Leveraging Text Repetitions and Denoising Autoencoders in OCR Post-correction
Kai Hakala, Aleksi Vesanto, Niko Miekka, Tapio Salakoski, Filip Ginter

TL;DR
This paper introduces a novel OCR post-correction method that leverages text repetitions and synthetic training data to improve accuracy without requiring manually corrected training pairs, demonstrating significant improvements on historical Finnish newspapers.
Contribution
The study presents a new approach to OCR post-correction that estimates errors from repeated text spans and trains a neural model with synthetic data, reducing reliance on manual annotations.
Findings
Significant OCR accuracy improvement over baseline systems.
Synthetic training data effectively captures error distribution.
Method outperforms models using uniform noise generation.
Abstract
A common approach for improving OCR quality is a post-processing step based on models correcting misdetected characters and tokens.
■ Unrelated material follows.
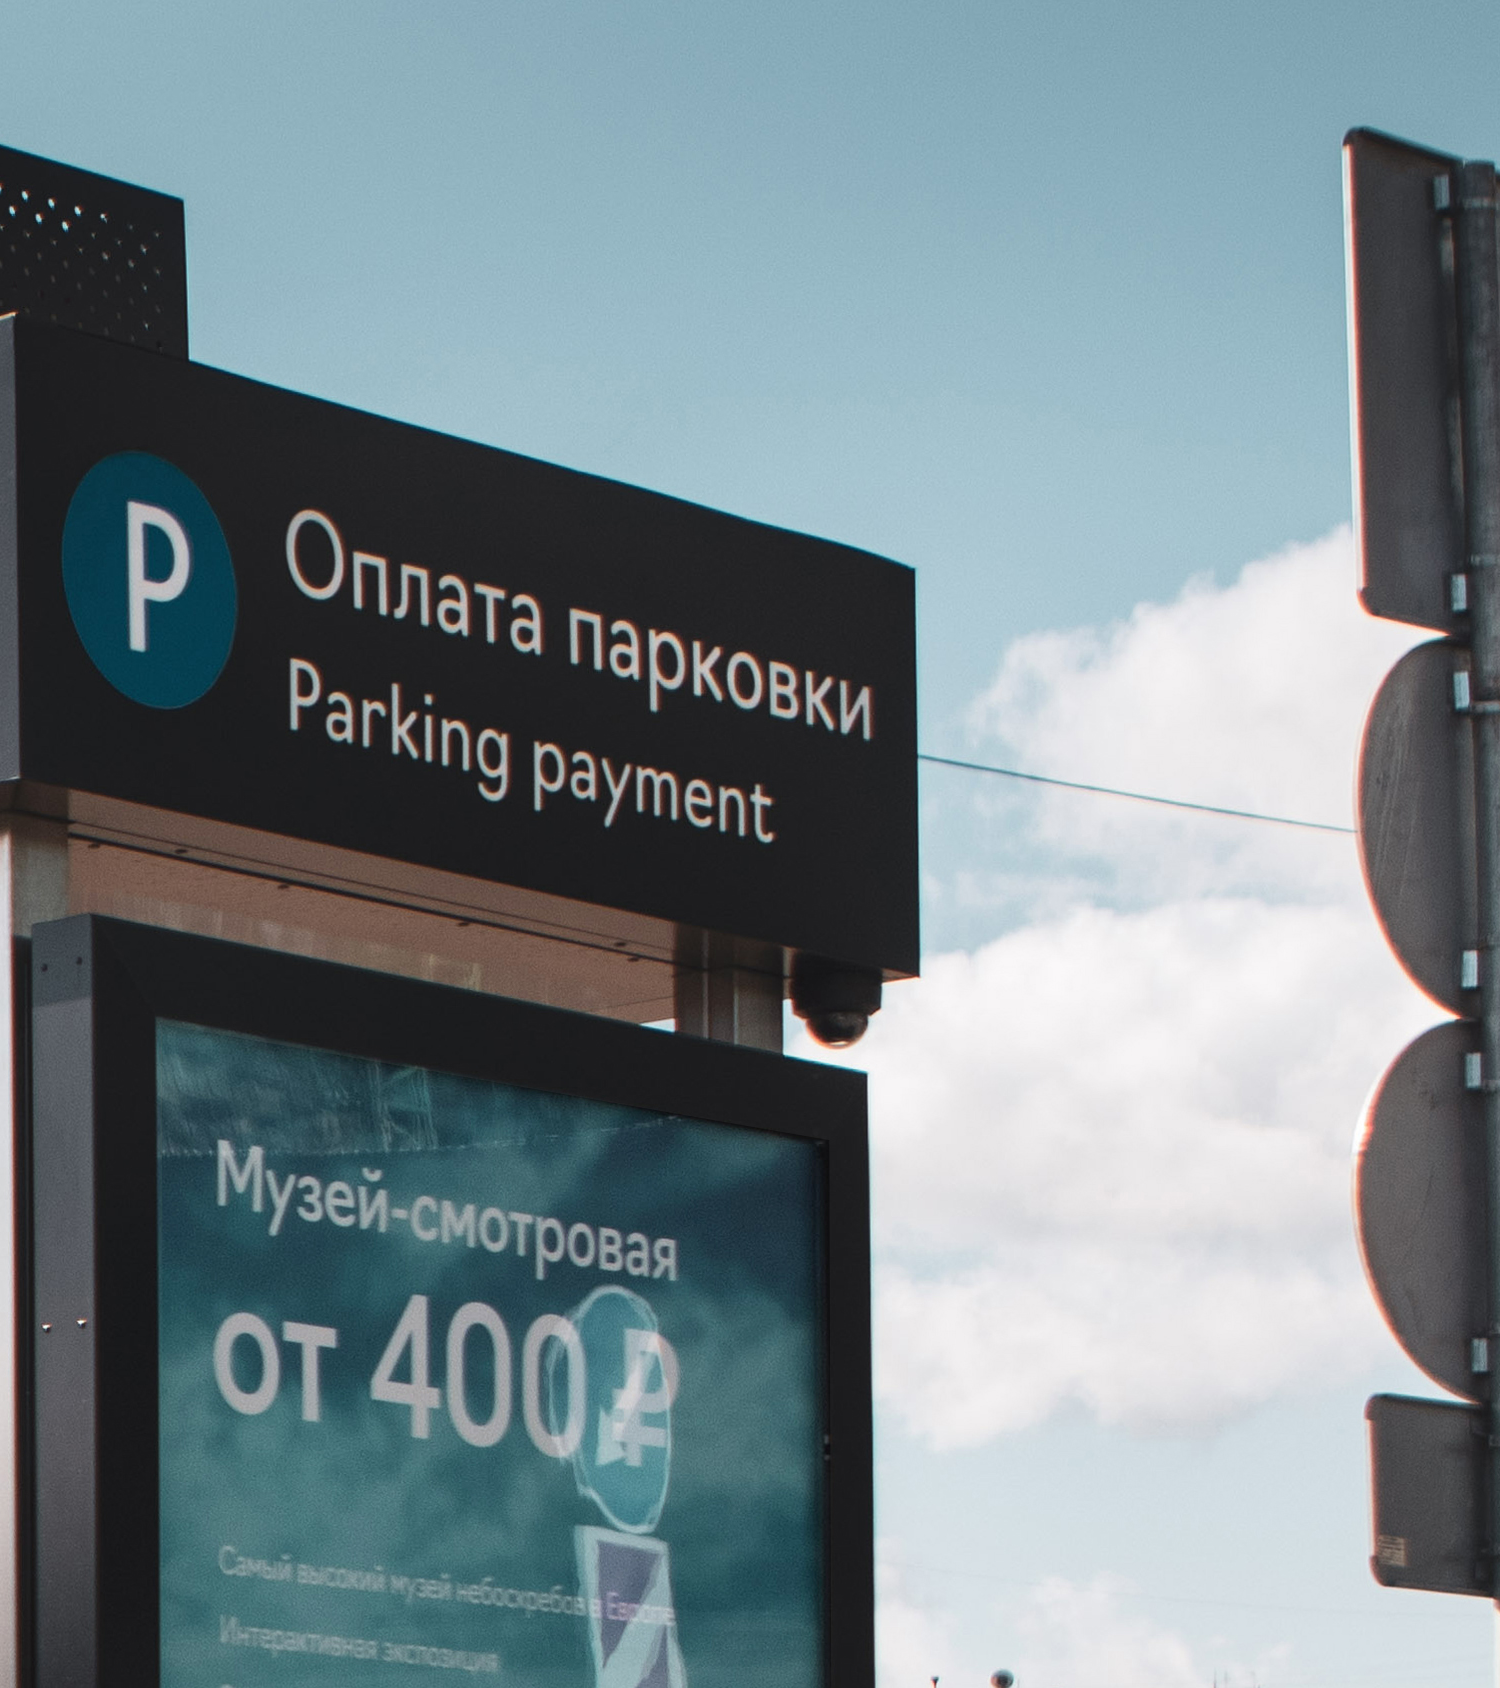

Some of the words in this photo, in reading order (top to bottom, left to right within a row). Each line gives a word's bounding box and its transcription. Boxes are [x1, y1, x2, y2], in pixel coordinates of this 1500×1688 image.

These models are typically trained on aligned pairs of OCR read text and their manually corrected counterparts. In this paper we show that the requirement of manually corrected training data can be alleviated by estimating the OCR errors from repeating text spans found in large OCR read text corpora and generating synthetic training examples following this error distribution. We use the generated data for training a character-level neural seq2seq model and evaluate the performance of the suggested model on a manually corrected corpus of Finnish newspapers mostly from the 19th century. The results show that a clear improvement over the underlying OCR system as well as previously suggested models utilizing uniformly generated noise can be achieved.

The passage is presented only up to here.